Saved data entries:
========================================================================
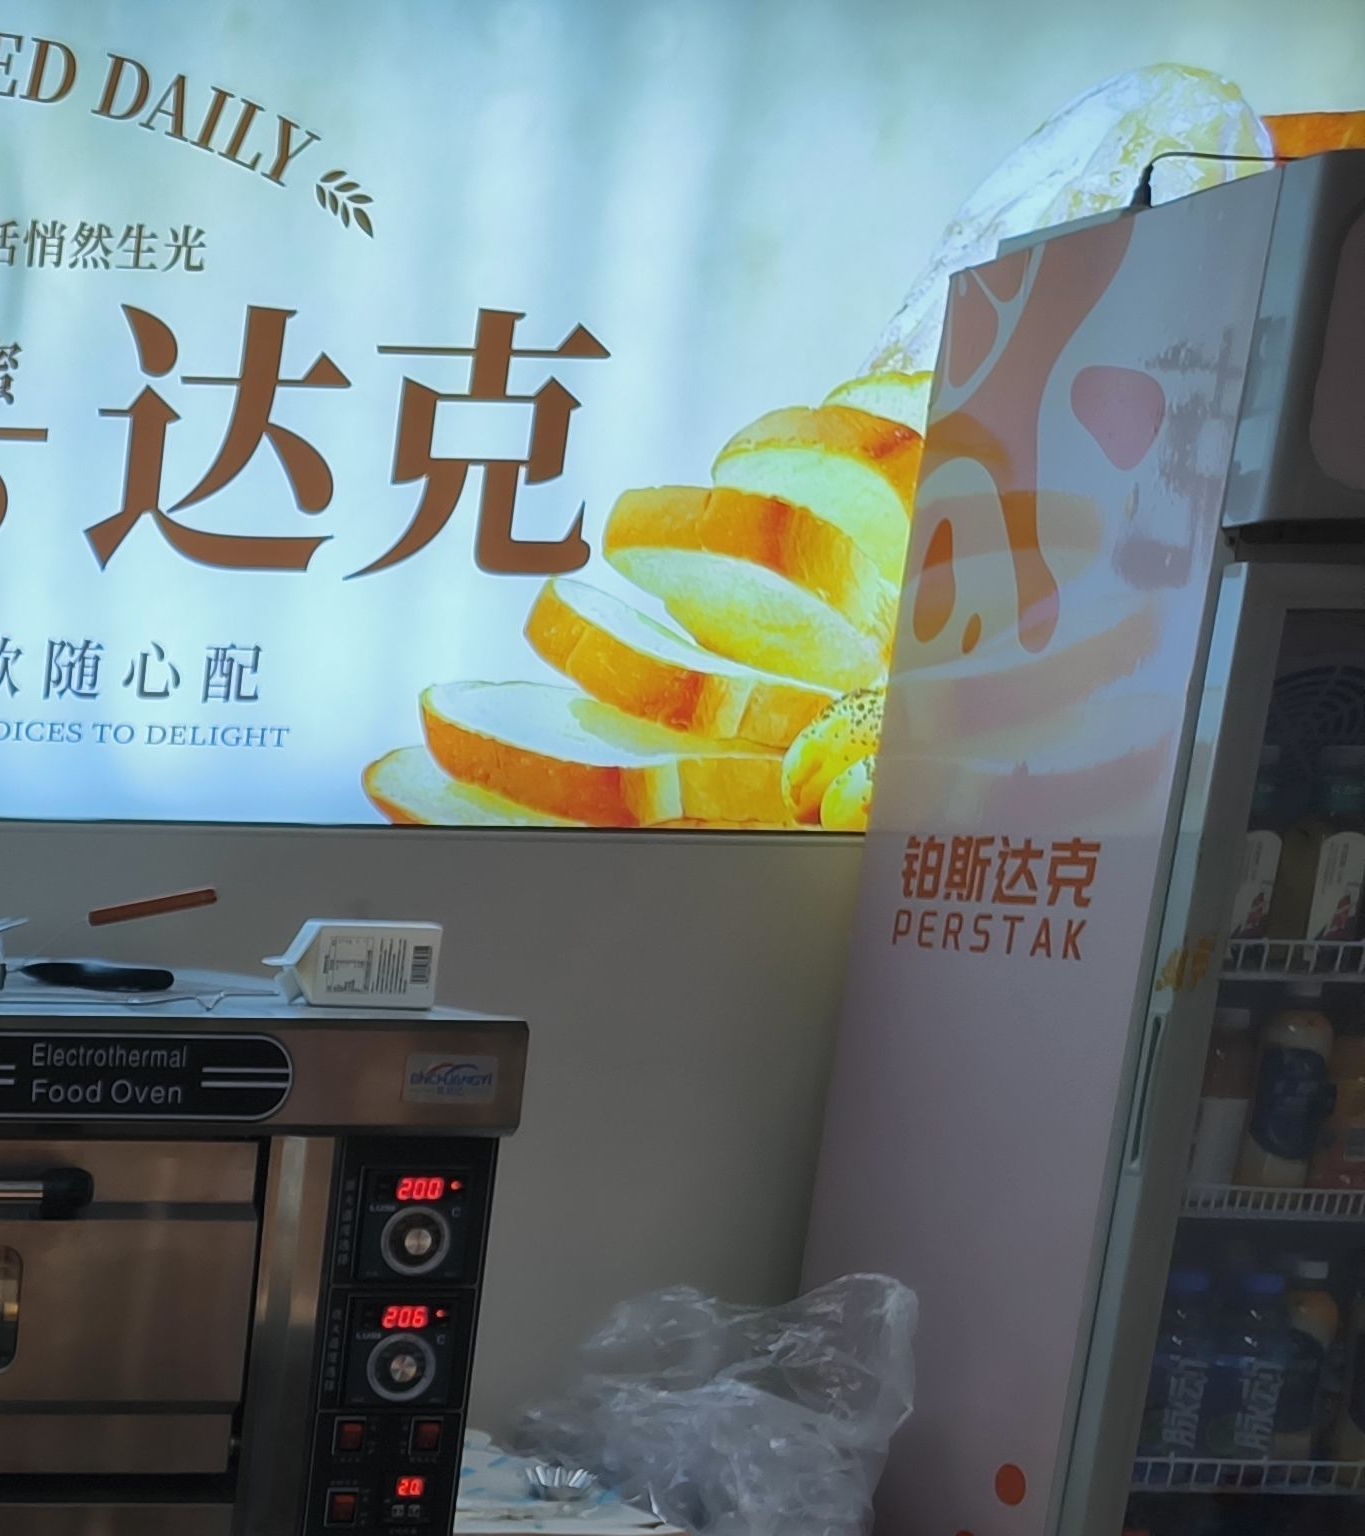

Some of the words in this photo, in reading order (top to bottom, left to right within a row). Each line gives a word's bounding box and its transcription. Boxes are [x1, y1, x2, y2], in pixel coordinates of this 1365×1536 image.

[91, 55, 322, 190] DAILY
[84, 302, 611, 581] 达克
[92, 721, 138, 747] TO
[145, 722, 291, 751] DELIGHT
[900, 834, 1101, 907] 铂斯达克
[892, 909, 1087, 961] PERSTAK
[31, 1043, 188, 1072] Electrothermal
[30, 1077, 104, 1104] Food
[110, 1078, 183, 1104] Oven
[380, 1305, 430, 1329] 206
========================================================================
Directions:
Word-for-word repeat, images excluded: return all the data.

Output below:
Some of the words in this photo, in reading order (top to bottom, left to right within a row). Each line gives a word's bounding box and its transcription. Boxes are [x1, y1, x2, y2], in pixel coordinates of this 1365×1536 image.

[91, 55, 322, 190] DAILY
[84, 302, 611, 581] 达克
[92, 721, 138, 747] TO
[145, 722, 291, 751] DELIGHT
[900, 834, 1101, 907] 铂斯达克
[892, 909, 1087, 961] PERSTAK
[31, 1043, 188, 1072] Electrothermal
[30, 1077, 104, 1104] Food
[110, 1078, 183, 1104] Oven
[380, 1305, 430, 1329] 206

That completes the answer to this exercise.